Spatial localization data:
::::
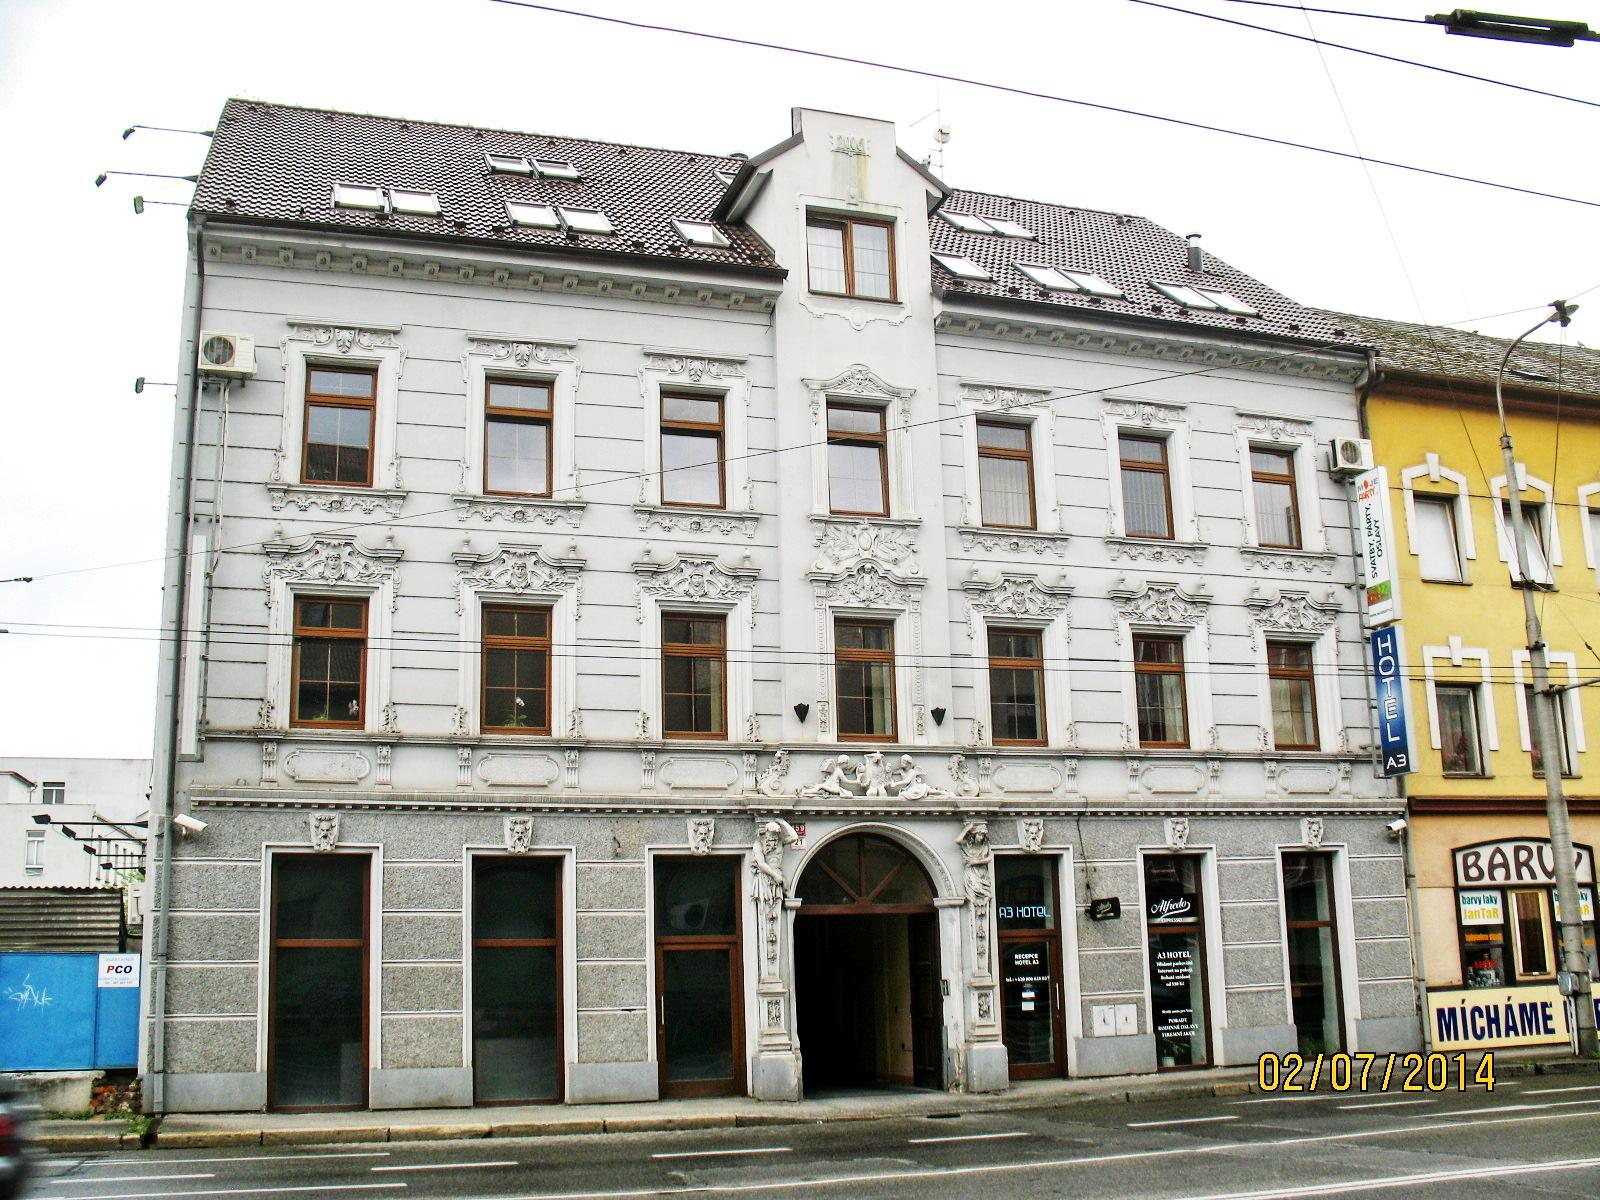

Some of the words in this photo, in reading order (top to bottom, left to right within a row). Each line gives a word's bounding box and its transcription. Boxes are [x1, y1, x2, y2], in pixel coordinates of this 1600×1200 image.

[1373, 519, 1383, 557] OSLAVY
[1377, 634, 1401, 743] HOTEL
[1386, 754, 1407, 770] A3
[1462, 845, 1582, 882] BARV
[1151, 898, 1191, 914] Alfredo
[1461, 895, 1481, 905] barvy
[1482, 894, 1498, 904] laky
[999, 906, 1014, 918] A3
[1167, 950, 1192, 959] HOTEL
[106, 965, 133, 974] PCO
[1436, 996, 1556, 1042] MÍCHÁME
::::
About this task:
Write the records out again exactly; none of the pictures belong in the copy.

Task answer:
Some of the words in this photo, in reading order (top to bottom, left to right within a row). Each line gives a word's bounding box and its transcription. Boxes are [x1, y1, x2, y2], in pixel coordinates of this 1600×1200 image.

[1373, 519, 1383, 557] OSLAVY
[1377, 634, 1401, 743] HOTEL
[1386, 754, 1407, 770] A3
[1462, 845, 1582, 882] BARV
[1151, 898, 1191, 914] Alfredo
[1461, 895, 1481, 905] barvy
[1482, 894, 1498, 904] laky
[999, 906, 1014, 918] A3
[1167, 950, 1192, 959] HOTEL
[106, 965, 133, 974] PCO
[1436, 996, 1556, 1042] MÍCHÁME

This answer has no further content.